Monitoring election in Haiti for two weeks taught her about democracy

July 13, 1995|By Traci Johnson Mathena | Traci Johnson Mathena,Contributing Writer

Johanna L. Olson figured she understood democracy. After all, she lives in America -- the land of the free, home of the brave.

But it wasn't until Ms. Olson spent nearly two weeks as an observer to Haiti's first democratic election in five years that she got a true sense of what it means to live -- or die -- to be part of a democratic and free society.

"It was refreshing and inspiring to see people participating in democracy in its purest form," said Ms. Olson, 23. "To be a part of this, to see people striving to turn the tide of oppression and say, 'We want to have a government for the people and not be ruled by a dictatorship' was just an incredible experience."

Ms. Olson, a Wisconsin resident who volunteers in the Refugee Disaster Program at Brethren Service Center in New Windsor, was part of a 32-member group that helped United Nations forces in Haiti monitor the June 25 election and deter political intimidation and violence in the voting areas.

The delegation, sponsored by Witness for Peace, the Washington-based Office on Haiti and other human rights organizations, provided a presence in Haiti before and during the election.

"Some church groups and organizations, government officials and others may be interested in what we observed," Ms. Olson said. "The people of Haiti were very committed to seeing the process succeed."

Although some conflicts arose and some attempts were made to disrupt the voting process, Ms. Olson said the success of the election will not be determined by how many incidents occurred, but by how the people responded to their opportunity to participate in the democratic process.

"So much of the news [about the Haitian election] has been of a negative bent. But people have to remember that this is just their second election," Ms. Olson said.

"In a way, this was a chance for people to avenge the death or mistreatment of a brother or sister in a pro-active, peaceful manner, and without resorting to violence," Ms. Olson said. "It was a way to say that 'our loved ones did not die or were mistreated in vain.' It was a way to say, 'This is our voice.' "

It was that national voice that Ms. Olson and the other members of the delegation heard as they prepared to observe the second democratic election in Haiti's history.

The volunteers studied Haitian election laws, protocol and procedures, political trends and recent developments during a two-day orientation in Port-au-Prince before splitting into groups and heading for election sites in the country's isolated towns.

Even during the 13 1/2 -hour ride in the back of a truck in sweltering heat to the city of Jeremie in Southwest Haiti, Ms. Olson said she could feel a sense of the desired independence in the people.

"It was a joy to see the little children running out to you. And yes, you saw peasants and poverty, but you saw people who were maybe a little wary at first, but who wanted to be part of this," Ms. Olson said. "Overall, people were devout and dedicated to cast their ballot."

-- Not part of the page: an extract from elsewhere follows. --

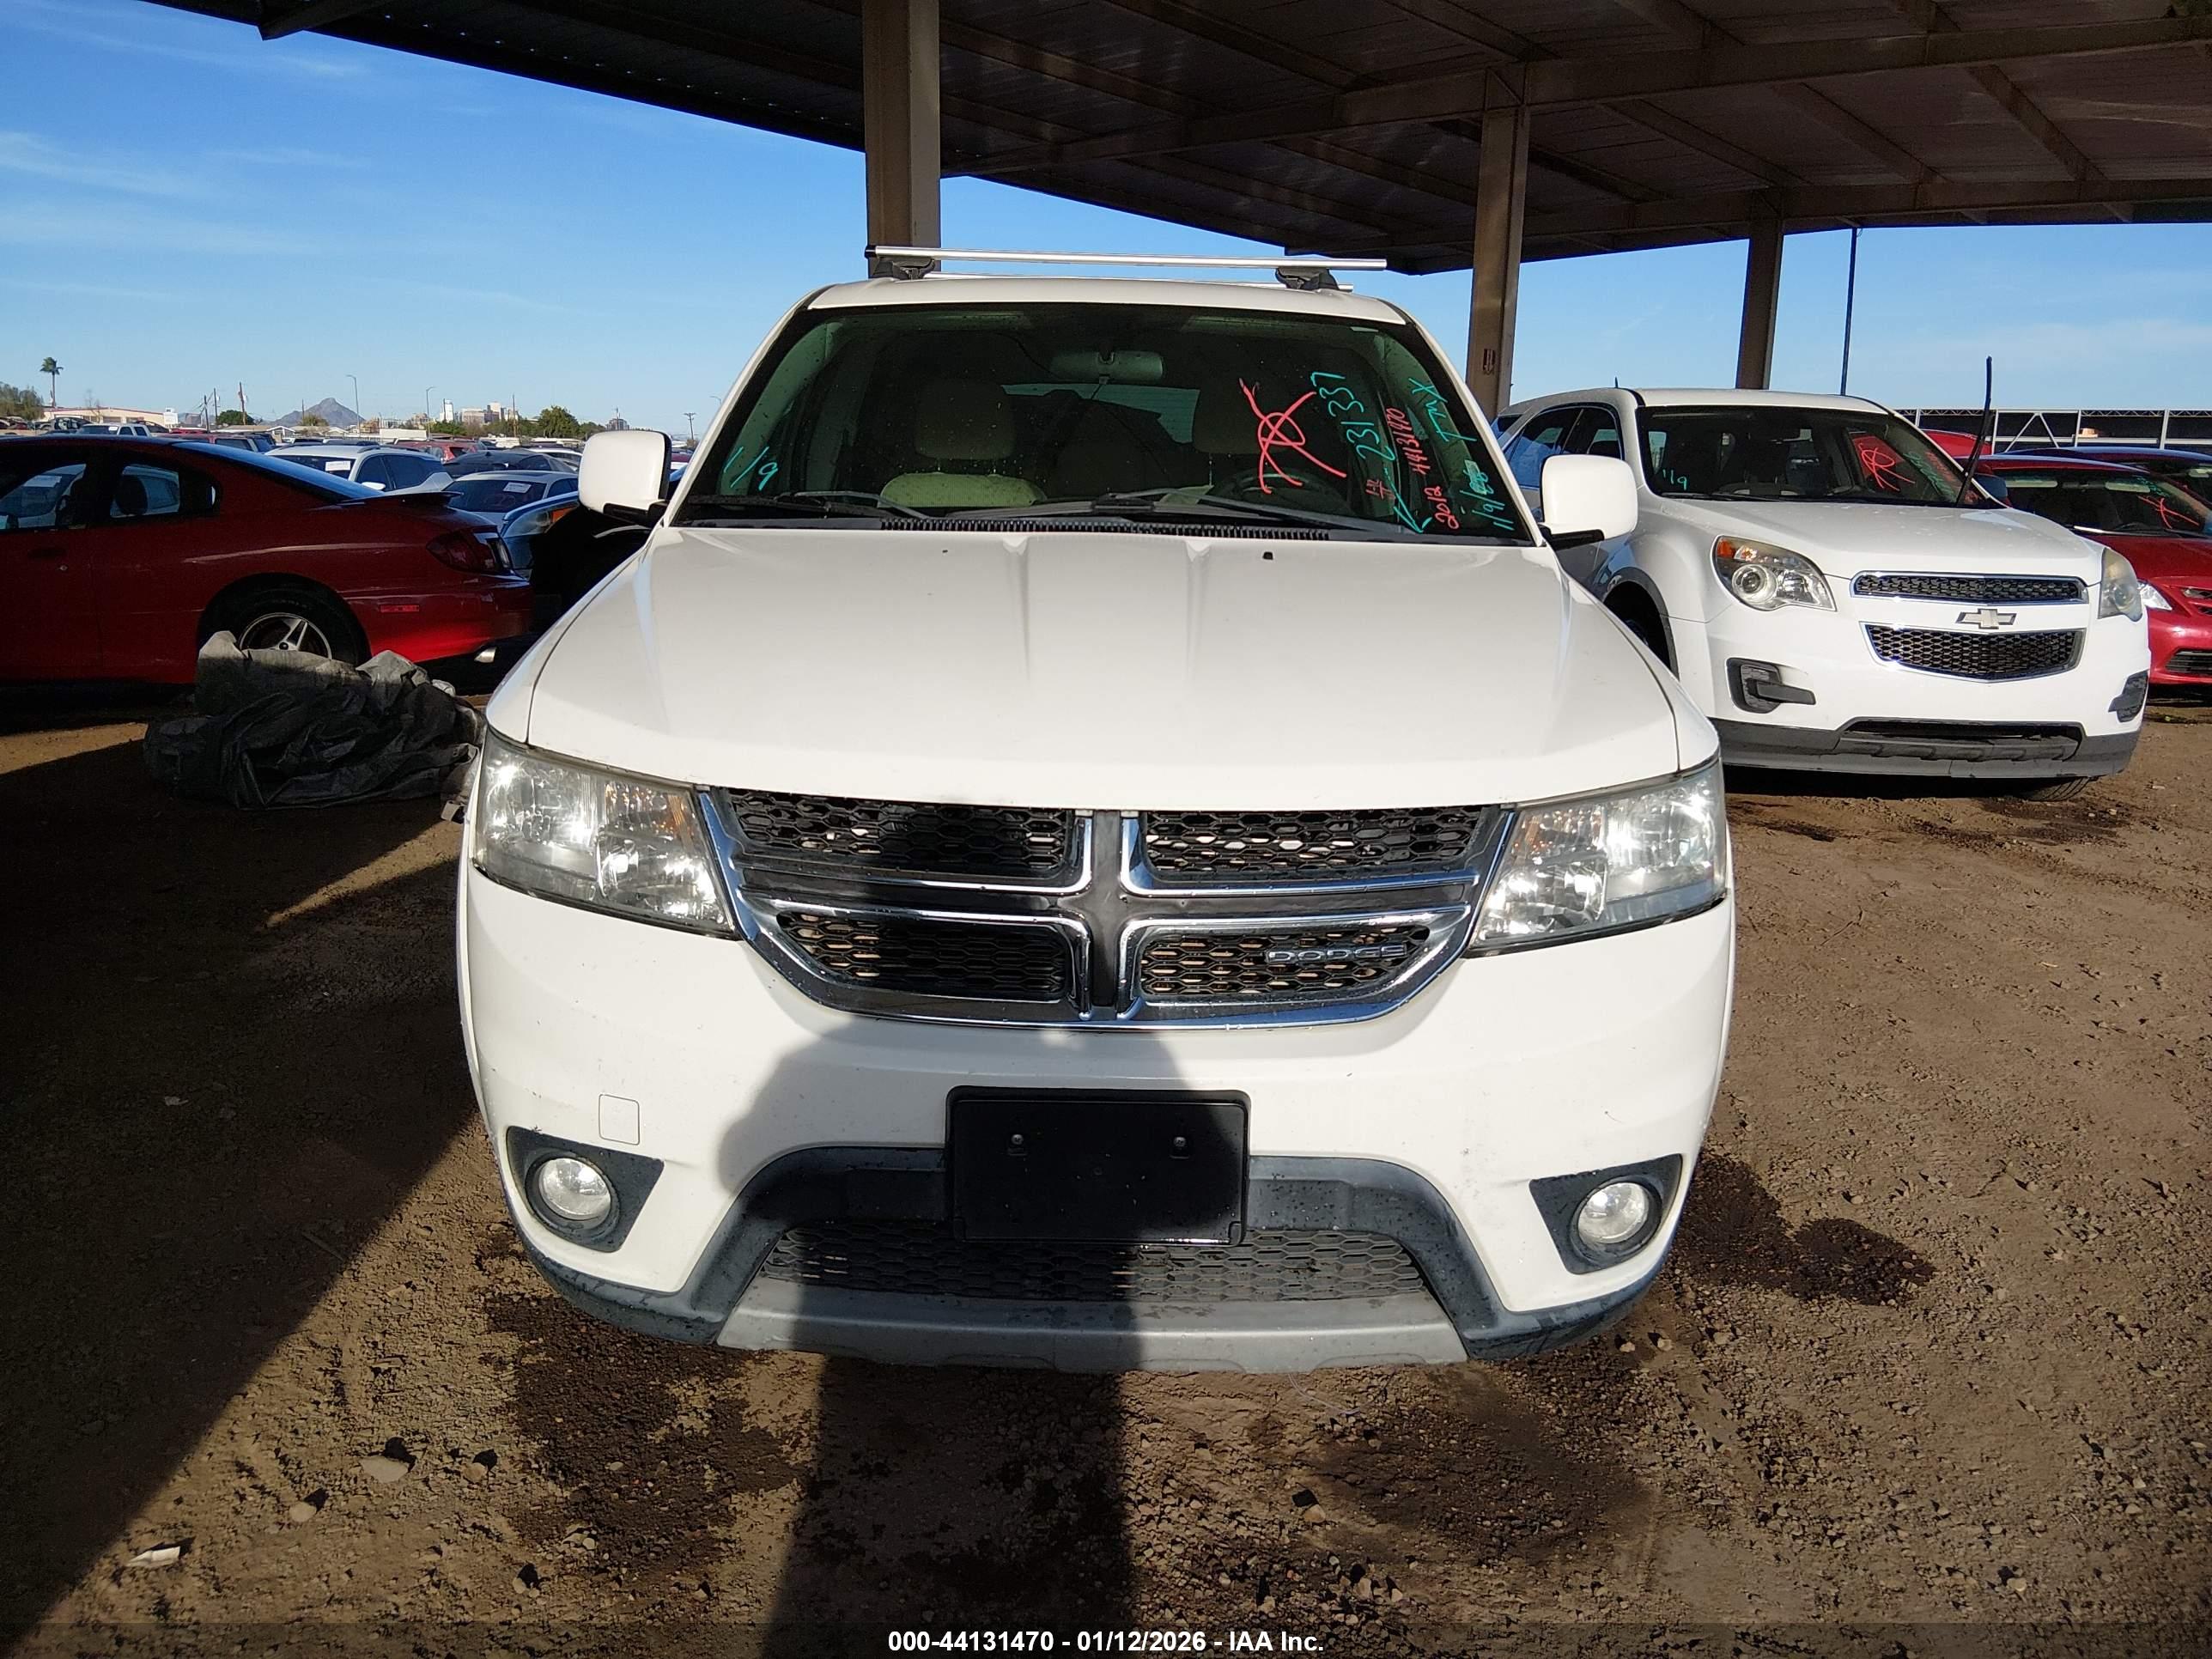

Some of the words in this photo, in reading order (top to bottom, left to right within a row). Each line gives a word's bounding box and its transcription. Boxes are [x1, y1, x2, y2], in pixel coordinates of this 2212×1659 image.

[1310, 372, 1395, 461] 231337
[1386, 408, 1431, 475] 44131470
[1424, 484, 1459, 531] 2012
[1267, 944, 1406, 963] DODGE

The process was not without its drawbacks. Some voting places had to be closed due to insufficient voting materials. Sometimes registration lists were incomplete. Some election officials complained about their pay, which was 20 percent lower than what they had received in the first election five years ago.

Sometimes people who were affiliated with a party that was not favored to do well in the election would protest that the election was being corrupted.

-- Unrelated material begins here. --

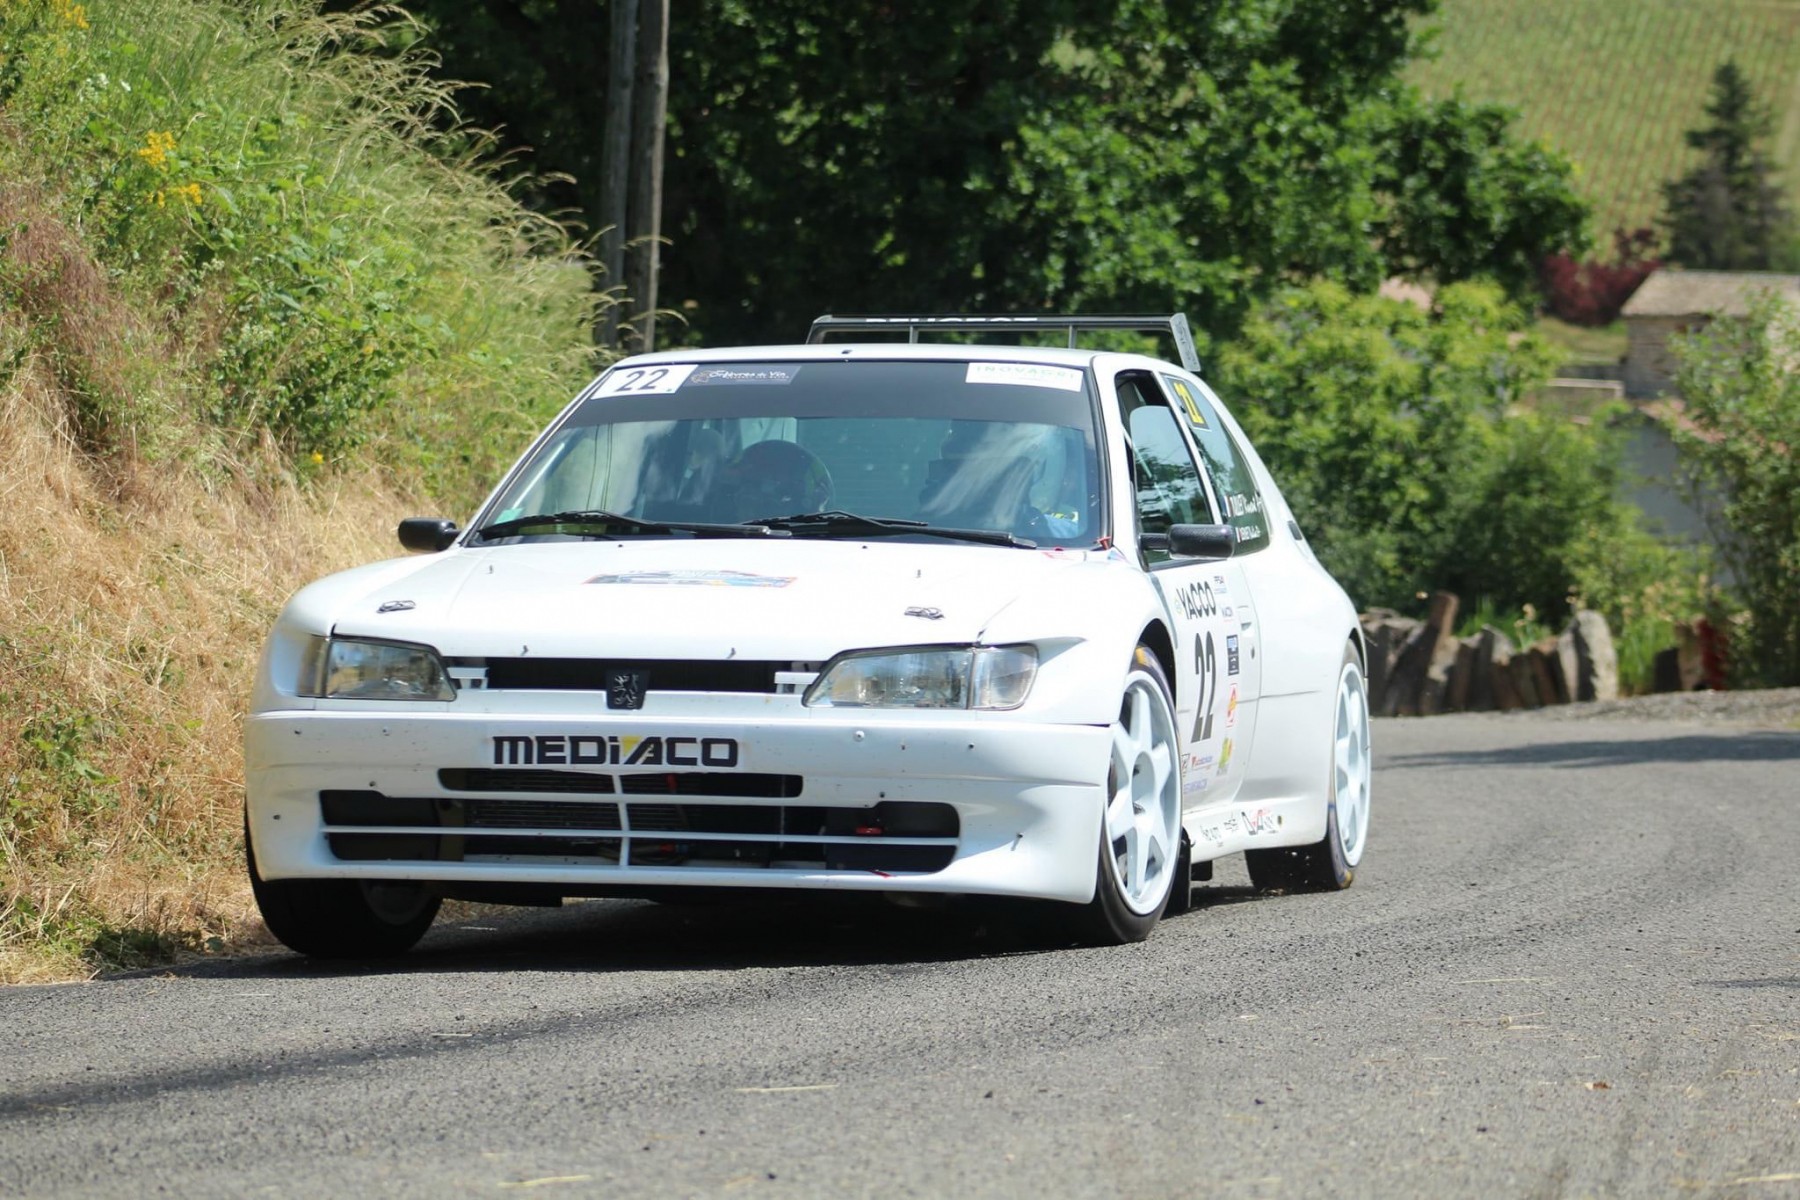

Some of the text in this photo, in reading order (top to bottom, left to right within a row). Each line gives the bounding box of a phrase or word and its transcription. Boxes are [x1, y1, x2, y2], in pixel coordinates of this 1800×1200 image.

Troublemakers would use circumstances to take advantage of the community's insecurity about the election and democracy in general, Ms. Olson said. If election materials were late or the voting place did not open on time, someone would say that these setbacks were proof of corruption in the election process.

But by and large, citizens paid little attention to the rabble-rousers.

In one area, the president of the voting place decided not to open the polls to protest the amount of pay he was receiving. Undaunted, the community, with the consent of the observers and election officials, elected another man to the office. This man, an election official whose poll had been closed due to insufficient materials, opened his new station and voting took place as scheduled.

Ms. Olson talked about a blind man who traveled to the voting place supported by two women. On his way back, he clutched to his chest his thumb, shining bright green with the indelible ink used at the polling places to identify those who had voted.

"This was a big day for him. This man was in his Sunday best, " Ms. Olson said. "He had walked miles to cast his ballot, and he was proud."

As officials counted the ballots, voters anxiously waited outside the building for another glimpse of the election process.

"One ballot would be read aloud, and then shown for everyone in the room to see. There were windows all around this room so the people outside could see it, too," Ms. Olson said. "Although they could not be inside, they [the voters] very much wanted to know how the process would continue."

The delegates faced many obstacles during their stay -- from lack of running water and sometimes food to possible ambush and attack as they transported ballots to the headquarters in the Grand Anse Department. However, Ms. Olson said, the general observation of the group is that the election process was a worthwhile venture.